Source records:
+--
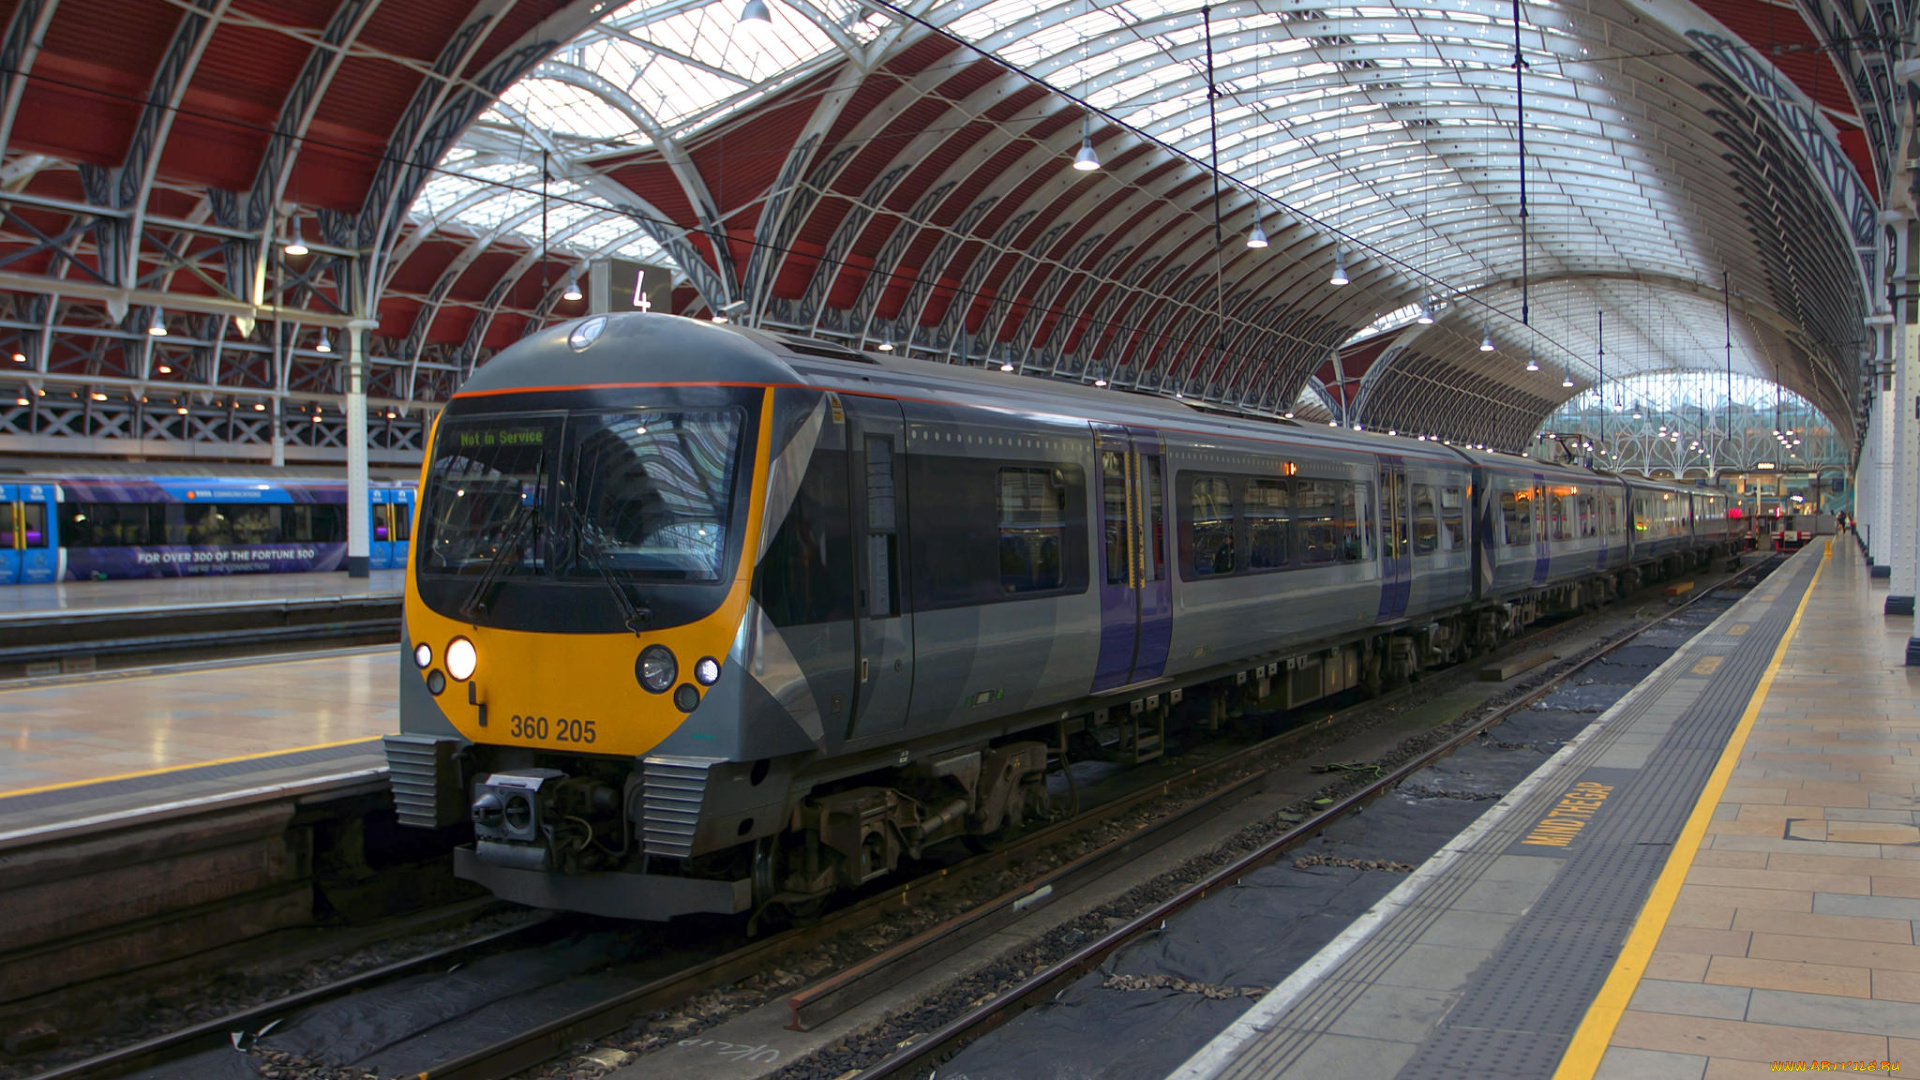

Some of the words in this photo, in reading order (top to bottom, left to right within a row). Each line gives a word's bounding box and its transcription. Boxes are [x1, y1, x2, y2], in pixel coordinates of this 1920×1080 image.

[633, 269, 652, 313] 4
[460, 432, 481, 447] Not
[485, 431, 495, 445] in
[499, 429, 543, 444] Service
[137, 552, 160, 564] FOR
[162, 551, 191, 563] OVER
[216, 551, 229, 562] OF
[232, 550, 250, 561] THE
[252, 549, 295, 561] FORTUNE
[510, 714, 548, 740] 360
[556, 718, 596, 744] 205
[1565, 781, 1614, 800] GAP
[1547, 799, 1602, 818] THE
[1520, 818, 1585, 847] MIND
+--
* [Aim of the task]:
Using the data above, print every line exactly, omitting pictures.

* [Task response]:
Some of the words in this photo, in reading order (top to bottom, left to right within a row). Each line gives a word's bounding box and its transcription. Boxes are [x1, y1, x2, y2], in pixel coordinates of this 1920×1080 image.

[633, 269, 652, 313] 4
[460, 432, 481, 447] Not
[485, 431, 495, 445] in
[499, 429, 543, 444] Service
[137, 552, 160, 564] FOR
[162, 551, 191, 563] OVER
[216, 551, 229, 562] OF
[232, 550, 250, 561] THE
[252, 549, 295, 561] FORTUNE
[510, 714, 548, 740] 360
[556, 718, 596, 744] 205
[1565, 781, 1614, 800] GAP
[1547, 799, 1602, 818] THE
[1520, 818, 1585, 847] MIND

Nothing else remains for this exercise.